Although Goethe’s novel is written in the form of letters and diary entries, it is clearly fertile ground for a stage adaptation. The author of this new version, Duncan Gates, relocates the action from rural Hesse to London: his Werther is a gap-year visitor, just through with his A-levels – or more probably, with the Abitur – and eager to find, if not himself, then at least a source of passion that will sustain him forever or consume him utterly. Gates, a graduate of the Royal Court Young Writers Programme, gives us a Werther cast adrift, apparently in contact with friends at home through Facebook, but in the end, a wanderer.

The Facebook sequence employs a voiceover, as Werther’s friends comment on his move to London. The device is clever, but dramatically its function is uncertain: this play’s chief difficulty is that it is slow to begin. A pleasantly grotesque prologue sees a yuppie couple touring the flat where Werther died. It seems that he might still be hanging around, and the woman, as paranormally sensitive as she is neurotic, soon makes a protesting exit. This scene deserves its place, setting up the blend of humour and horror that obtains throughout the play, but the pacing falters during the episodes that follow, picking up again as we move into the main action of the drama.

Werther’s demure Charlotte becomes a modern-day “Charlie” in Gates’s version.
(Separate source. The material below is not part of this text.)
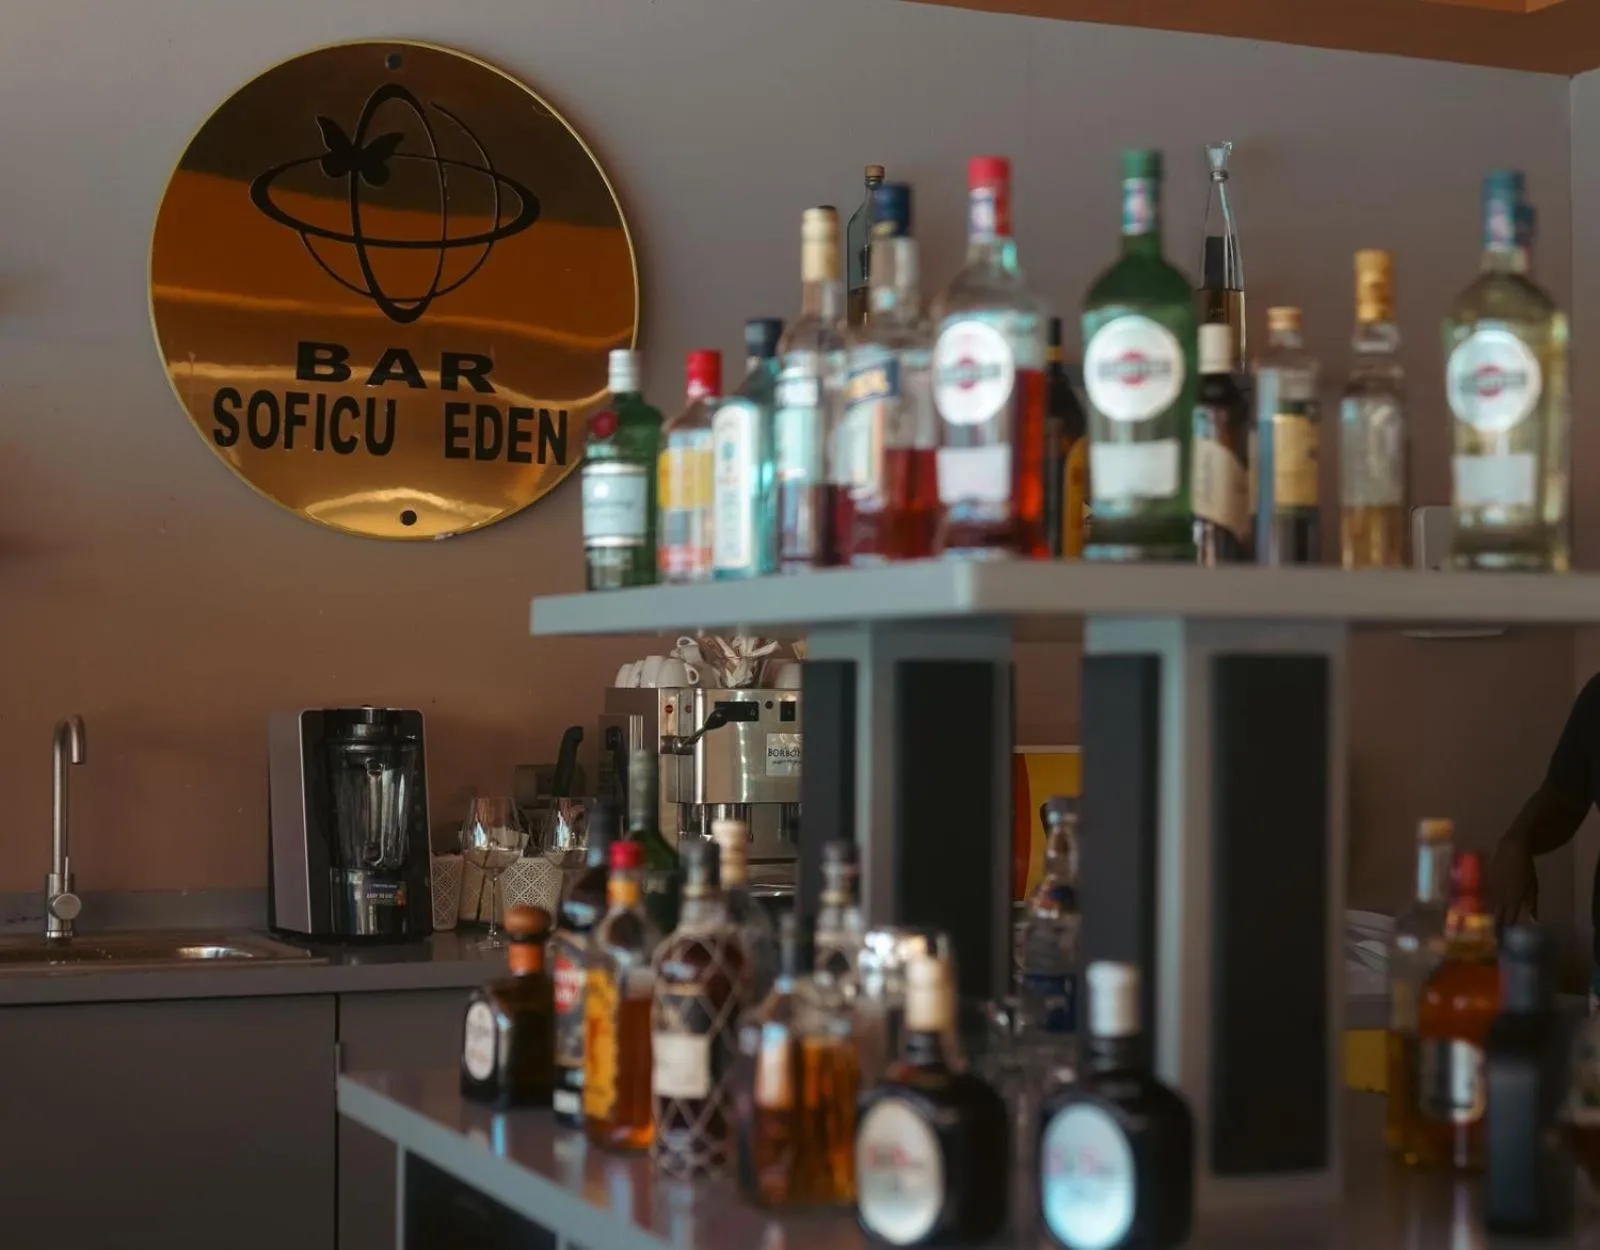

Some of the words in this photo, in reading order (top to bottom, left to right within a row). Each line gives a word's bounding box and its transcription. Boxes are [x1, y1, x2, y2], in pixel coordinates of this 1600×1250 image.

[296, 341, 497, 393] BAR
[212, 387, 396, 456] SOFICU
[445, 402, 568, 466] EDEN
Played by Katharina Sellner, she is still a cipher – we can never quite work out whether she cares for him, or cares not at all. Sellner thoroughly inhabits her role and is a pleasure to watch: her account of her mother’s death from cervical cancer featured some of the most moving acting I have seen at this year’s Fringe. Jolyon Westhorpe, as Werther, has the most challenging role, but convincingly portrays a disarrayed mind, in thrall to the inimitable morbid beauty of self-destruction.
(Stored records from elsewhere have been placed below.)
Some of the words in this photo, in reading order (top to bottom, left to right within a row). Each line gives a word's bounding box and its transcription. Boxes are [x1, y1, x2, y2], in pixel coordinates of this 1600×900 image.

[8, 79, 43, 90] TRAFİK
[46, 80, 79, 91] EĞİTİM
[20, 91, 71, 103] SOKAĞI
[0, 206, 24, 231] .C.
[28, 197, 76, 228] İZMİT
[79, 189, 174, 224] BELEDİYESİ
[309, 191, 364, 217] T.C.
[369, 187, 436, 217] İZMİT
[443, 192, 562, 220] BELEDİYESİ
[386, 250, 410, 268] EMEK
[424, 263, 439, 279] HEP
Pamela Schermann’s vibrant direction features marked expressionist elements, combined with a flair for dramatizing raw emotion. This is a stylish show, richly effective in its visuals and benefiting from the combined talents of several accomplished actors – it needs no background in Werther, functioning well as a stand-alone piece. It will clearly be of interest to Germanists, but it would be a shame if audiences were restricted by the relative unfamiliarity of the original novel to a modern readership: Werther’s Sorrows will intrigue those who have read The Sorrows of Young Werther, and please many who have not.